▶ **Work task**: Restate all entries exactly. Skip the images.

▶ **Supplied records**:
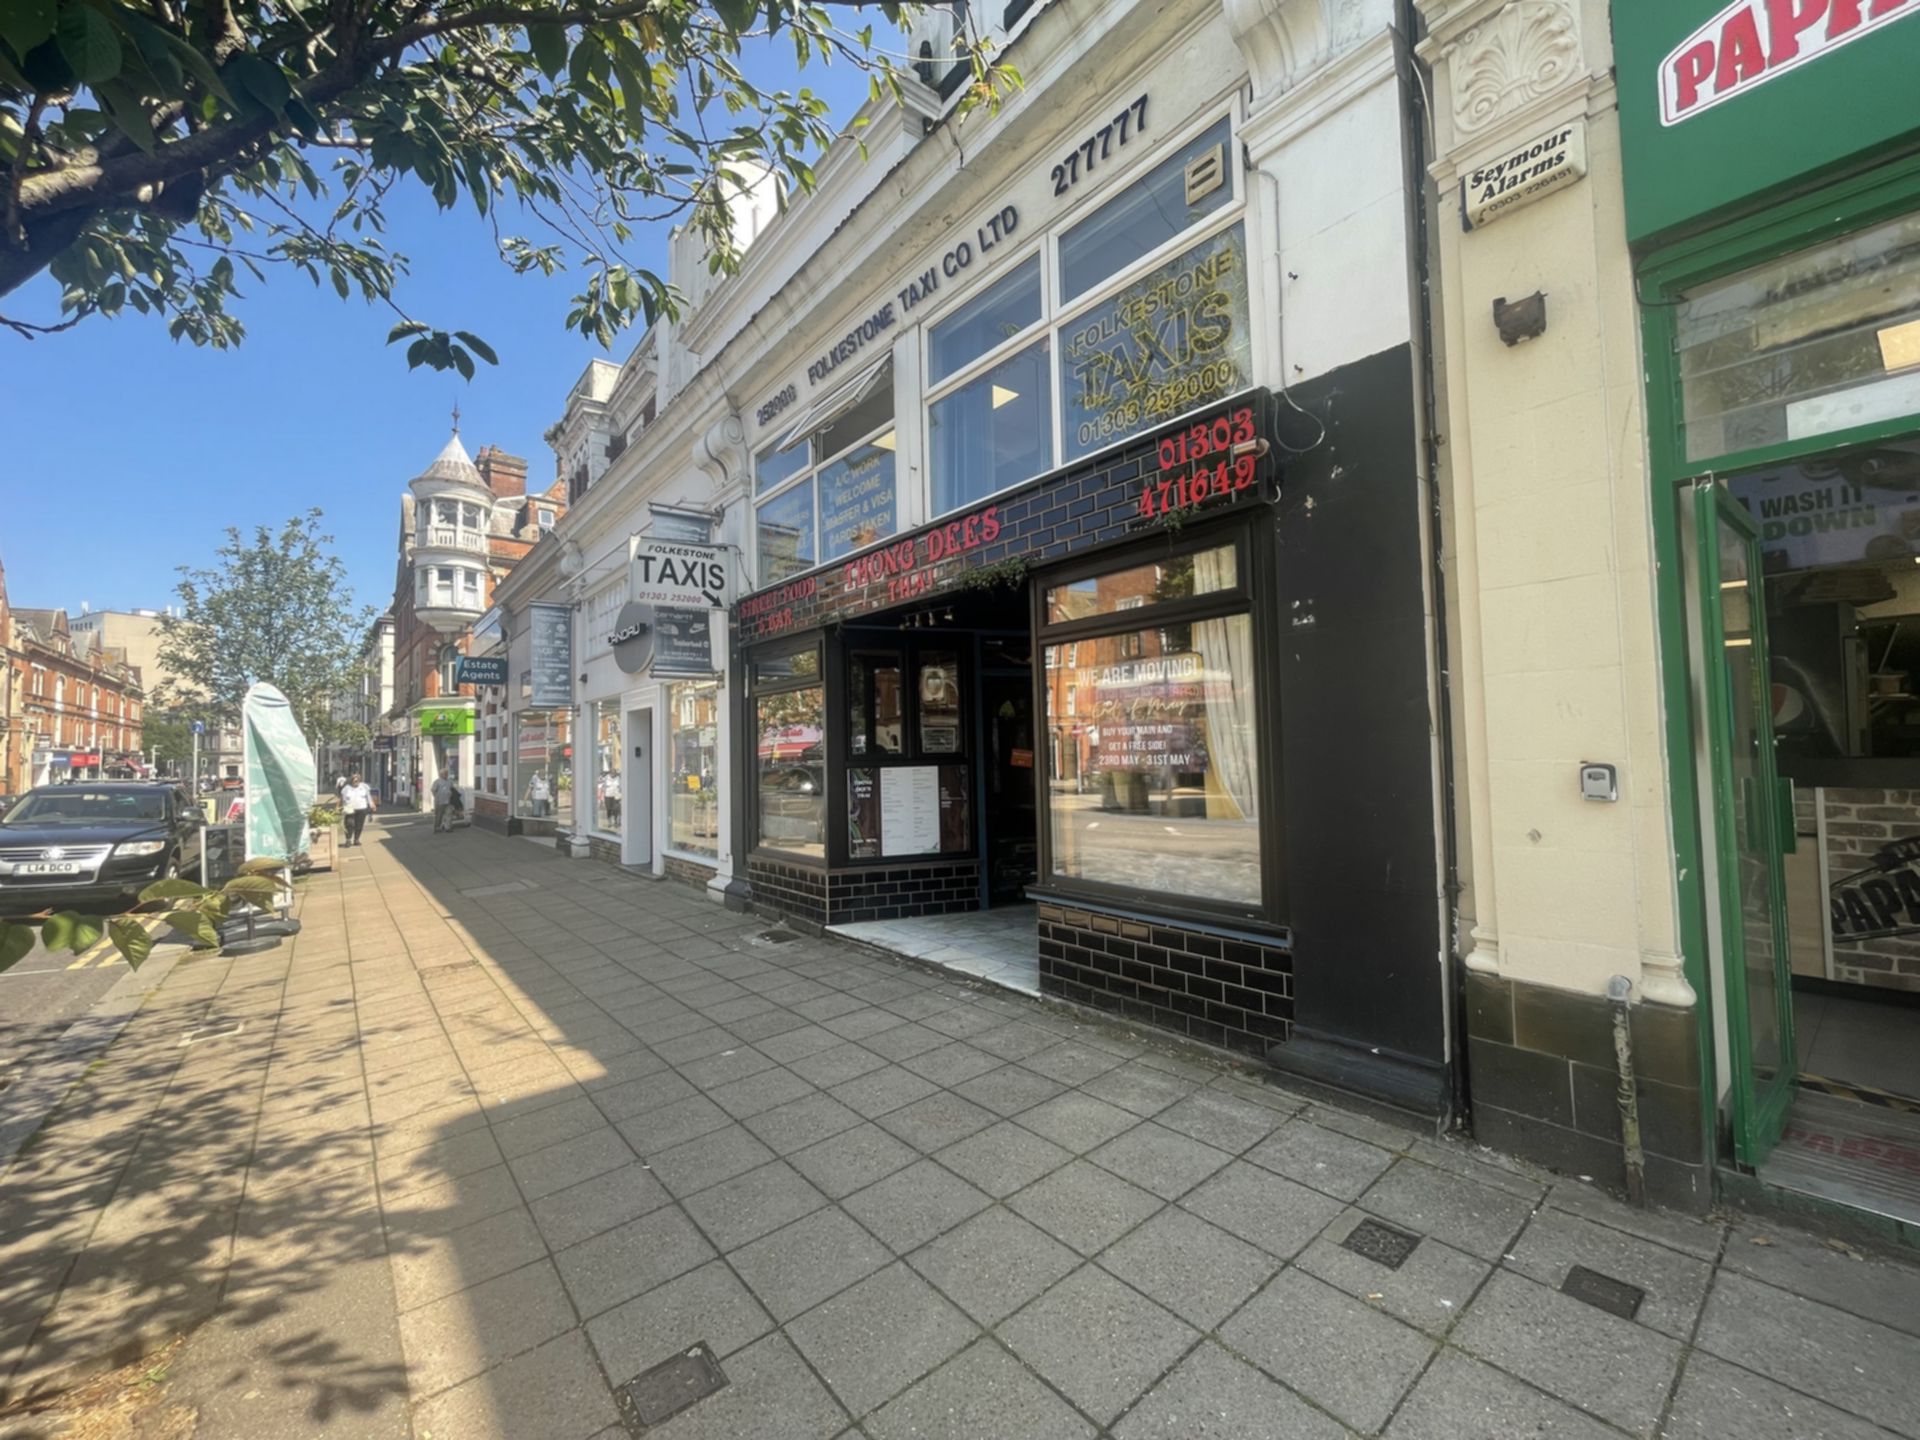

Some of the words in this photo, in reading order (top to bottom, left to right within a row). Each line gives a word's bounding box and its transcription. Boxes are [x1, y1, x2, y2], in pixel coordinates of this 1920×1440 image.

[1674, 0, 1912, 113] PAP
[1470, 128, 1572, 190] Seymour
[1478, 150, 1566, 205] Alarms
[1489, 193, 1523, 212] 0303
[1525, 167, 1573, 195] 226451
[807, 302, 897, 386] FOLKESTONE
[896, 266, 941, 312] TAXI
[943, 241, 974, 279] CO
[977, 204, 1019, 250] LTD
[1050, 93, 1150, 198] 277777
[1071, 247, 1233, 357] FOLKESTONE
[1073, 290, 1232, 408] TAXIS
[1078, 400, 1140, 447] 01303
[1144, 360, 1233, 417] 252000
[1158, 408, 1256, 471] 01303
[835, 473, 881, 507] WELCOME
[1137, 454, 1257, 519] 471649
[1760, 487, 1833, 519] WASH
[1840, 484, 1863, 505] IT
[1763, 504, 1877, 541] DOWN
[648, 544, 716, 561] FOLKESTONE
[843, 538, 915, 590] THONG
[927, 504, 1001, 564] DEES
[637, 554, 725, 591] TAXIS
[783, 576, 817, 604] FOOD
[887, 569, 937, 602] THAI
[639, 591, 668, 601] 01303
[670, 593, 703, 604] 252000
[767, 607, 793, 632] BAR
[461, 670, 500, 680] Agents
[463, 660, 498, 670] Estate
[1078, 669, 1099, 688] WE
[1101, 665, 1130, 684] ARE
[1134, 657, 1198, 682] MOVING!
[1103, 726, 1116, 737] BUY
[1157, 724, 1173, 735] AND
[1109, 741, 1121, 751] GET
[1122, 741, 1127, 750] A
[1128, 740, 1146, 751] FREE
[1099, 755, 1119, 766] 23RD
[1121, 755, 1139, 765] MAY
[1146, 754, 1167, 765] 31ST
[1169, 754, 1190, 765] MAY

▶ **Result of this exercise**:
Some of the words in this photo, in reading order (top to bottom, left to right within a row). Each line gives a word's bounding box and its transcription. Boxes are [x1, y1, x2, y2], in pixel coordinates of this 1920×1440 image.

[1674, 0, 1912, 113] PAP
[1470, 128, 1572, 190] Seymour
[1478, 150, 1566, 205] Alarms
[1489, 193, 1523, 212] 0303
[1525, 167, 1573, 195] 226451
[807, 302, 897, 386] FOLKESTONE
[896, 266, 941, 312] TAXI
[943, 241, 974, 279] CO
[977, 204, 1019, 250] LTD
[1050, 93, 1150, 198] 277777
[1071, 247, 1233, 357] FOLKESTONE
[1073, 290, 1232, 408] TAXIS
[1078, 400, 1140, 447] 01303
[1144, 360, 1233, 417] 252000
[1158, 408, 1256, 471] 01303
[835, 473, 881, 507] WELCOME
[1137, 454, 1257, 519] 471649
[1760, 487, 1833, 519] WASH
[1840, 484, 1863, 505] IT
[1763, 504, 1877, 541] DOWN
[648, 544, 716, 561] FOLKESTONE
[843, 538, 915, 590] THONG
[927, 504, 1001, 564] DEES
[637, 554, 725, 591] TAXIS
[783, 576, 817, 604] FOOD
[887, 569, 937, 602] THAI
[639, 591, 668, 601] 01303
[670, 593, 703, 604] 252000
[767, 607, 793, 632] BAR
[461, 670, 500, 680] Agents
[463, 660, 498, 670] Estate
[1078, 669, 1099, 688] WE
[1101, 665, 1130, 684] ARE
[1134, 657, 1198, 682] MOVING!
[1103, 726, 1116, 737] BUY
[1157, 724, 1173, 735] AND
[1109, 741, 1121, 751] GET
[1122, 741, 1127, 750] A
[1128, 740, 1146, 751] FREE
[1099, 755, 1119, 766] 23RD
[1121, 755, 1139, 765] MAY
[1146, 754, 1167, 765] 31ST
[1169, 754, 1190, 765] MAY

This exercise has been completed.